(Saved entries)
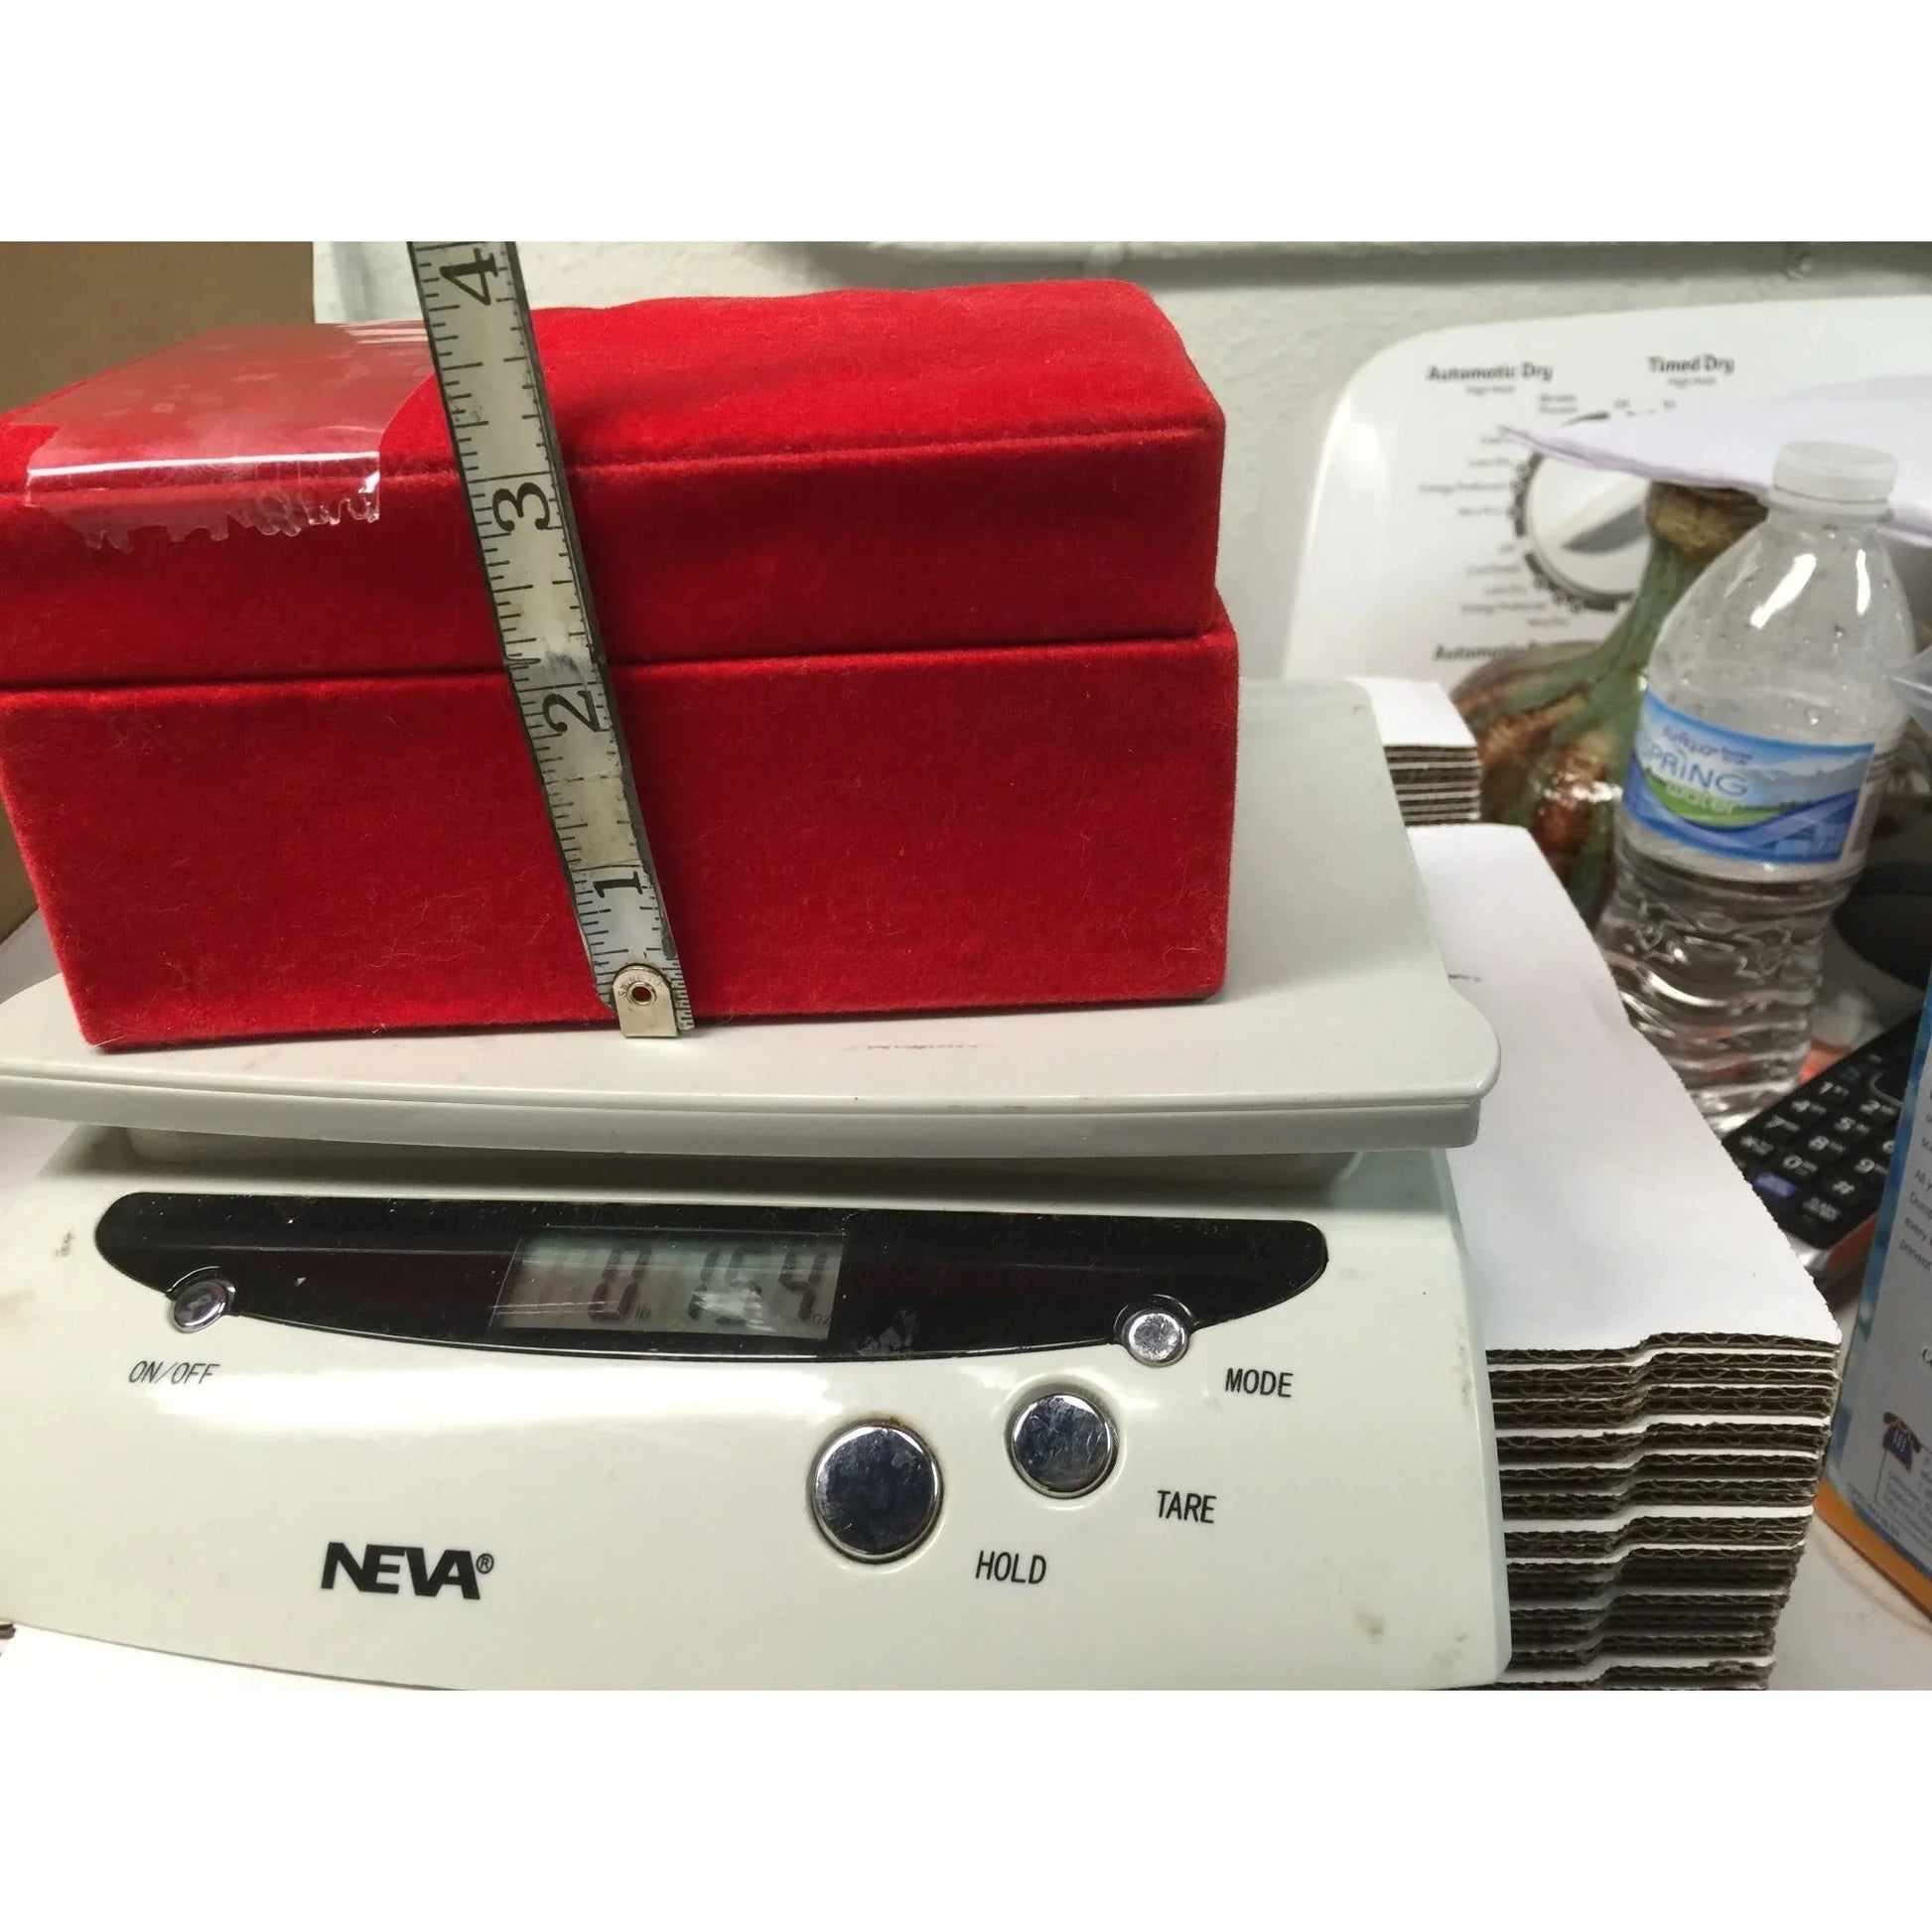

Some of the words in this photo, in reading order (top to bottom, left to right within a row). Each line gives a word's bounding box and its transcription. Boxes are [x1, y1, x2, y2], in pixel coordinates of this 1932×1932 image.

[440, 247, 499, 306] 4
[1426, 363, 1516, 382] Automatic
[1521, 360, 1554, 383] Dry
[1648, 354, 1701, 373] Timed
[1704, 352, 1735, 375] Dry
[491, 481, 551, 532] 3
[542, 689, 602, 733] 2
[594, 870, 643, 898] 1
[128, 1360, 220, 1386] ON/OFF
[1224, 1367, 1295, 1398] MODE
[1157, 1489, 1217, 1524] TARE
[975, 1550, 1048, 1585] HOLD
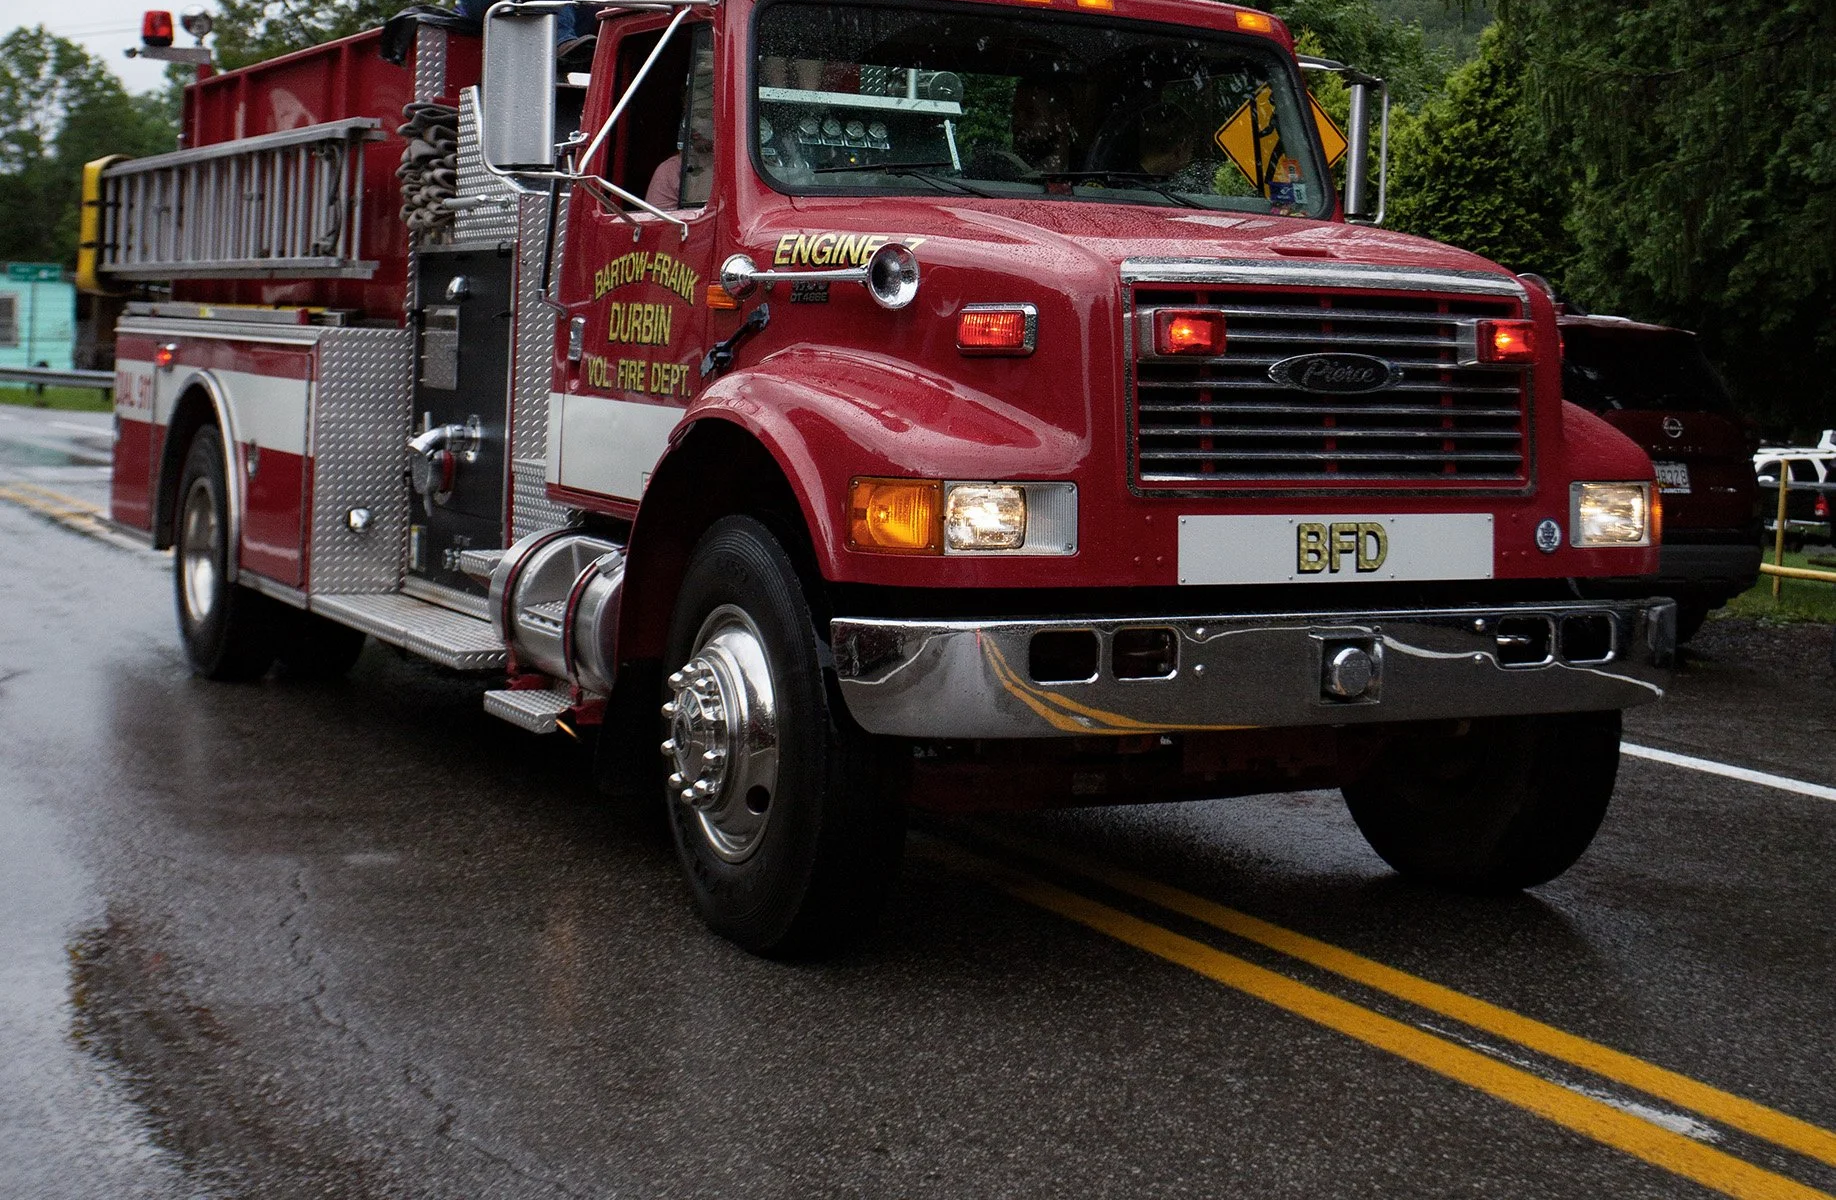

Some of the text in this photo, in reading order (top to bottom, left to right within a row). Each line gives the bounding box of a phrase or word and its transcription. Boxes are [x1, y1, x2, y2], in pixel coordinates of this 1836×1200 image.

WHAT IS BEING ASKED
None of the pictures should appear; the rest of the entries must be reproduced exactly.

THE ANSWER
Some of the words in this photo, in reading order (top to bottom, left to right within a row). Each line gives a word's bounding box and its transcription. Boxes are [x1, y1, x2, y2], in pixel coordinates of this 1932×1932 image.

[440, 247, 499, 306] 4
[1426, 363, 1516, 382] Automatic
[1521, 360, 1554, 383] Dry
[1648, 354, 1701, 373] Timed
[1704, 352, 1735, 375] Dry
[491, 481, 551, 532] 3
[542, 689, 602, 733] 2
[594, 870, 643, 898] 1
[128, 1360, 220, 1386] ON/OFF
[1224, 1367, 1295, 1398] MODE
[1157, 1489, 1217, 1524] TARE
[975, 1550, 1048, 1585] HOLD

Some of the text in this photo, in reading order (top to bottom, left to right within a row). Each line gives the bounding box of a phrase or word and its transcription. Boxes are [x1, y1, x2, y2], in pixel coordinates of this 1836×1200 image.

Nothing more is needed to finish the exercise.